X_train_scaled = scaler.fit_transform(X_train)
X_test_scaled = scaler.transform(X_test)

In [5]:
model_path = 'models'
if not os.path.exists(model_path):
    os.makedirs(model_path)

### Logistic Regression Model

In [6]:
log_model = LogisticRegression()
log_model.fit(X_train_scaled, y_train)

y_pred = log_model.predict(X_test_scaled)

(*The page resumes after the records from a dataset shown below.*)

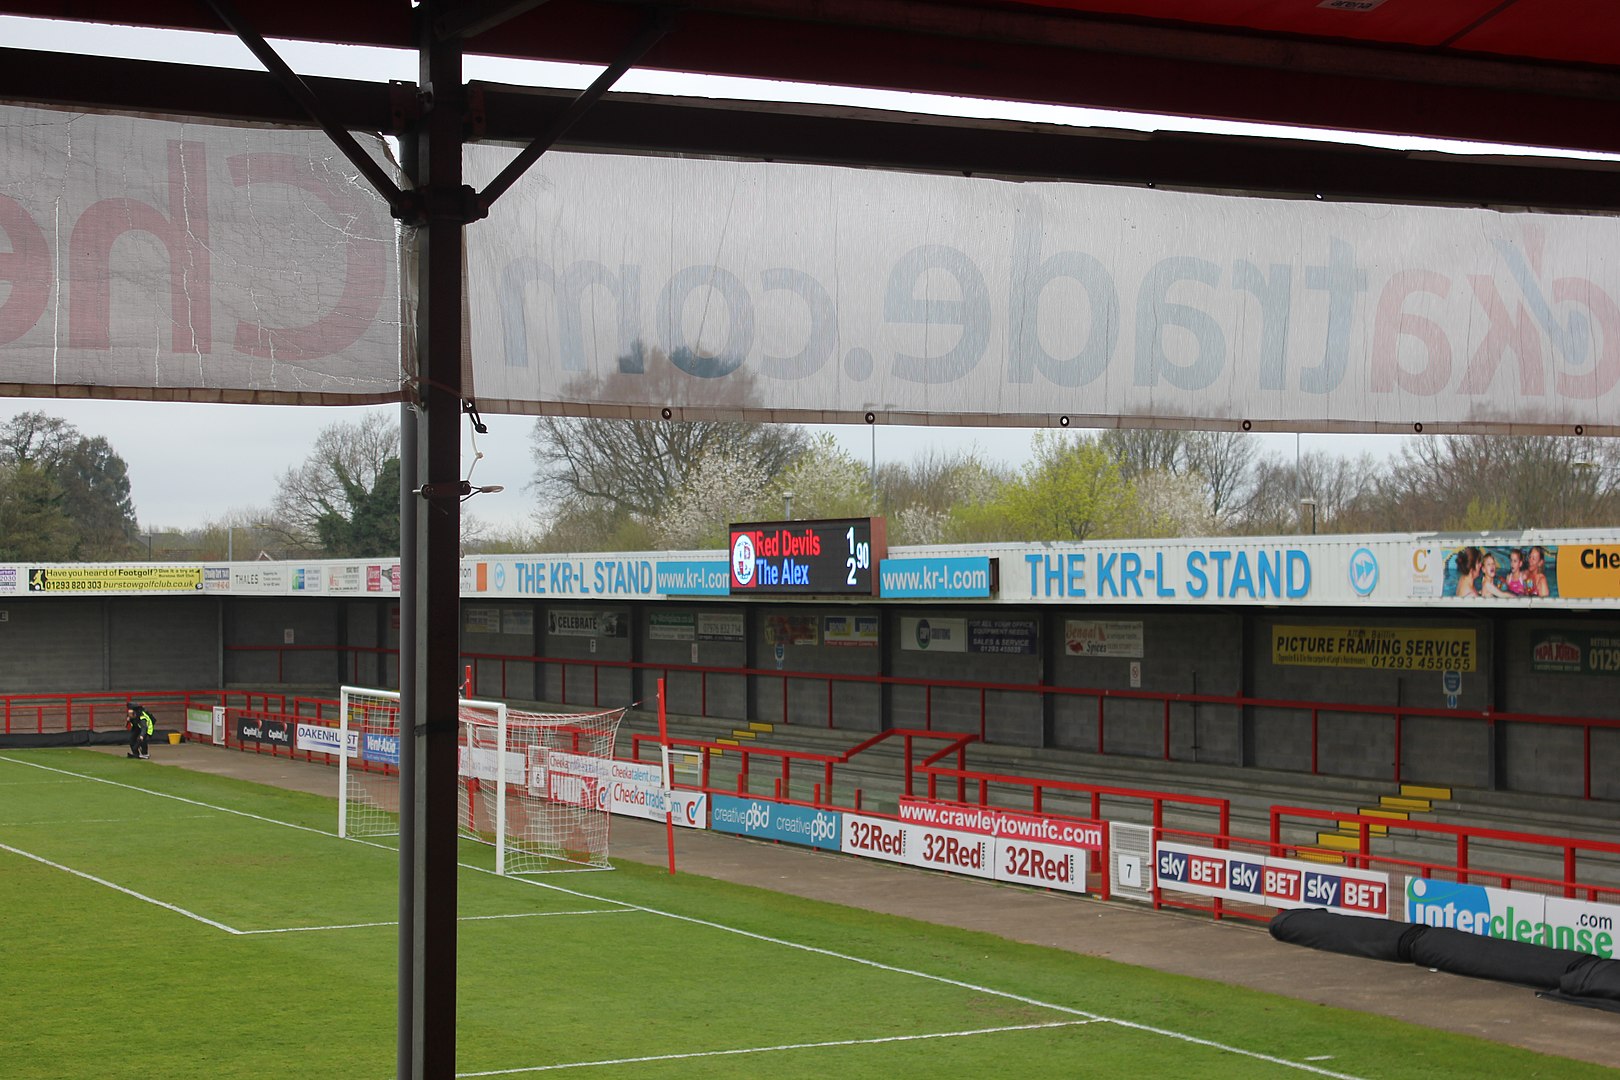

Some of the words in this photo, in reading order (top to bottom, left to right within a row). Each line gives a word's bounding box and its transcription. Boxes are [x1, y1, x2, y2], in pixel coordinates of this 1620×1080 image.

[756, 530, 781, 557] Red
[782, 528, 821, 556] Devils
[846, 527, 855, 555] 1
[856, 542, 870, 570] 90
[46, 569, 67, 577] Have
[68, 570, 83, 578] you
[83, 569, 109, 577] heard
[109, 568, 118, 577] of
[46, 581, 71, 590] 01293
[71, 581, 87, 589] 820
[87, 581, 102, 589] 303
[103, 579, 194, 590] burstowgolfclub.co.uk
[235, 574, 259, 585] THALES
[515, 561, 546, 594] THE
[551, 561, 590, 593] KR-L
[593, 560, 652, 594] STAND
[658, 568, 730, 588] www.kr-l.com
[756, 558, 779, 585] The
[781, 558, 810, 585] Alex
[846, 557, 857, 585] 2
[883, 565, 987, 591] www.kr-l.com
[1025, 553, 1086, 597] THE
[1097, 552, 1175, 598] KR-L
[1186, 550, 1311, 598] STAND
[558, 616, 598, 631] CELEBRATE
[1277, 635, 1334, 653] PICTURE
[1337, 637, 1401, 656] FRAMING
[1405, 639, 1471, 658] SERVICE
[1371, 656, 1414, 669] 01293
[1418, 657, 1471, 670] 455655
[298, 727, 358, 744] OAKENHUST
[613, 782, 682, 814] Checkatrade.om
[850, 821, 902, 856] 32Red
[899, 803, 1102, 846] www.crawleytownfc.com
[922, 833, 982, 869] 32Red
[1005, 845, 1069, 883] 32Red
[1126, 863, 1132, 879] 7
[1160, 852, 1186, 882] sky
[1190, 859, 1224, 884] BET
[1232, 863, 1258, 893] sky
[1265, 871, 1298, 896] BET
[1307, 875, 1338, 906] sky
[1344, 882, 1383, 909] BET
[1575, 913, 1613, 930] .com

print("Precision : " , precision_score(y_test, y_pred))
print("Recall score : " , recall_score(y_test, y_pred))
print("F1 Score : " , f1_score(y_test, y_pred))
print("Accuracy : " , accuracy_score(y_test, y_pred))
print("Confusion matrix : " , confusion_matrix(y_test, y_pred))

Precision :  0.7903225806451613
Recall score :  0.8032786885245902
F1 Score :  0.7967479674796748
Accuracy :  0.875
Confusion matrix :  [[126  13]
 [ 12  49]]


In [7]:
joblib.dump(log_model, '../models/logistic_regression_model.pkl')
print("Model saved successfully in the models/ folder!")

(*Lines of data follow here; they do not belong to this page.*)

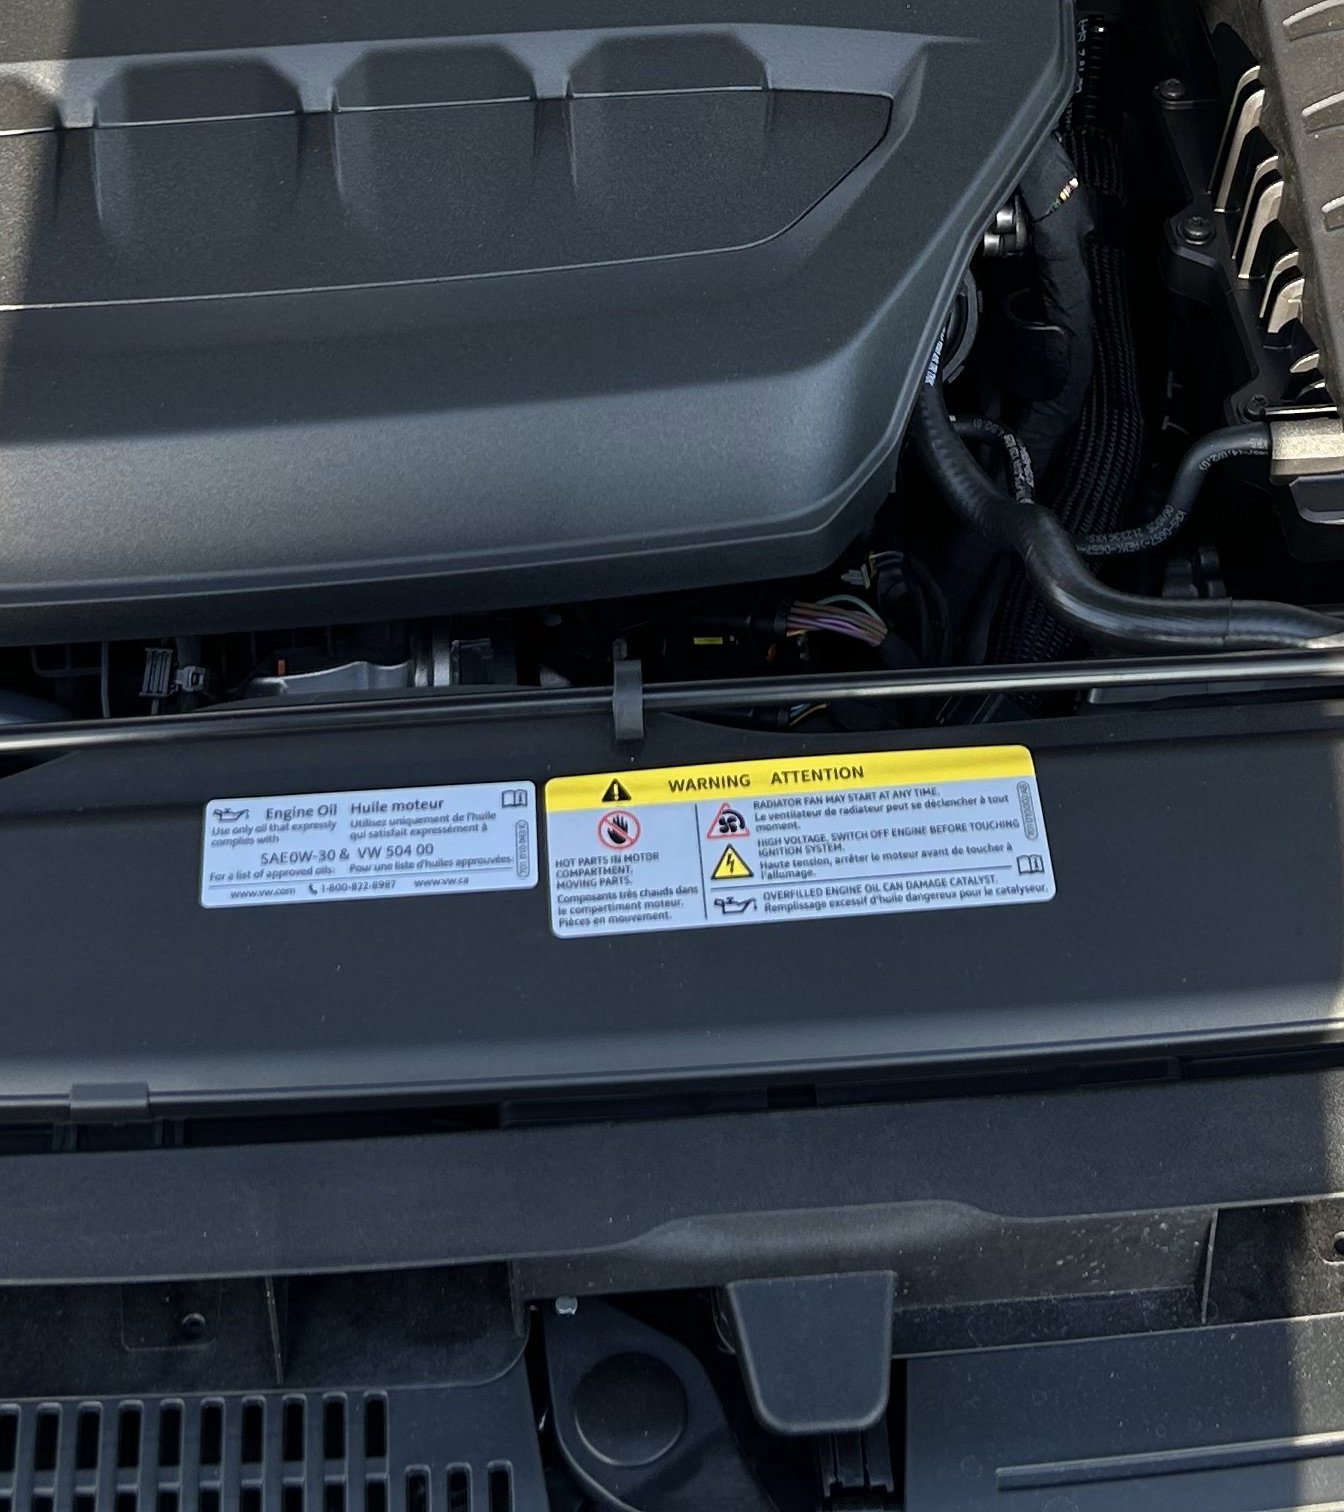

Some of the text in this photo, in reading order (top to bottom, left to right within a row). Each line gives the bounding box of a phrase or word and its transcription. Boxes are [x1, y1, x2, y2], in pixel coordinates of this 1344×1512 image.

[668, 765, 864, 792] WARNING ATTENTION
[266, 799, 444, 821] Engine Oil Huile moteur
[754, 797, 802, 810] RADIATOR
[804, 795, 823, 806] FAN
[826, 794, 845, 804] MAY
[848, 791, 876, 802] START
[879, 791, 890, 800] AT
[893, 789, 912, 799] ANY
[755, 795, 1008, 821] Le ventilateur de radiateur peut se déclencher à tout
[211, 827, 230, 835] Use
[232, 824, 254, 836] only
[255, 823, 267, 833] oil
[270, 821, 289, 832] that
[291, 820, 337, 833] expressly
[350, 817, 387, 828] Utilisez
[389, 814, 450, 827] uniquement
[452, 813, 464, 822] de
[211, 823, 488, 848] complies with qui satisfait expressément à
[758, 838, 782, 847] HIGH
[831, 831, 868, 842] SWITCH
[870, 829, 889, 839] OFF
[892, 826, 927, 837] ENGINE
[930, 822, 968, 834] BEFORE
[970, 819, 1020, 831] TOUCHING
[339, 848, 349, 860] &
[358, 846, 382, 859] VW
[386, 844, 412, 858] 504
[416, 843, 434, 855] 00
[556, 852, 659, 868] HOT PARTS IN MOTOR
[758, 846, 803, 857] IGNITION
[760, 860, 790, 870] Haute
[872, 851, 880, 861] le
[882, 850, 919, 860] moteur
[921, 847, 949, 858] avant
[952, 846, 964, 856] de
[966, 843, 1004, 854] toucher
[1007, 842, 1013, 851] à
[209, 871, 226, 882] For
[228, 872, 233, 880] a
[236, 870, 251, 880] list
[253, 869, 264, 878] of
[266, 866, 313, 880] approved
[350, 863, 371, 873] Pour
[374, 862, 392, 871] une
[395, 860, 415, 869] liste
[230, 888, 296, 899] www.vw.com
[557, 878, 597, 889] MOVING
[557, 885, 698, 904] Composants très chauds dans
[763, 887, 823, 900] OVERFILLED
[826, 884, 862, 896] ENGINE
[865, 882, 881, 892] OIL
[883, 881, 904, 892] CAN
[906, 877, 948, 889] DAMAGE
[558, 906, 567, 915] le
[570, 902, 642, 916] compartiment
[764, 898, 827, 913] Remplissage
[829, 895, 867, 908] excessif
[906, 889, 957, 902] dangereux
[960, 887, 982, 899] pour
[984, 886, 993, 896] le
[559, 916, 590, 927] Pièces
[593, 916, 606, 925] en

Model saved successfully in the models/ folder!


### KNN Model

In [8]:
from sklearn.neighbors import KNeighborsClassifier

knn_model = KNeighborsClassifier(n_neighbors = 5)
knn_model.fit(X_train_scaled, y_train)

y_pred = knn_model.predict(X_test_scaled)

print("Precision : " , precision_score(y_test, y_pred))
print("Recall score : " , recall_score(y_test, y_pred))
print("F1 Score : " , f1_score(y_test, y_pred))
print("Accuracy : " , accuracy_score(y_test, y_pred))
print("Confusion matrix : " , confusion_matrix(y_test, y_pred))

Precision :  0.62
Recall score :  0.5081967213114754
F1 Score :  0.5585585585585585
Accuracy :  0.755
Confusion matrix :  [[120  19]
 [ 30  31]]


In [9]:
joblib.dump(knn_model, '../models/knn_model.pkl')
print("Model saved successfully in the models/ folder!")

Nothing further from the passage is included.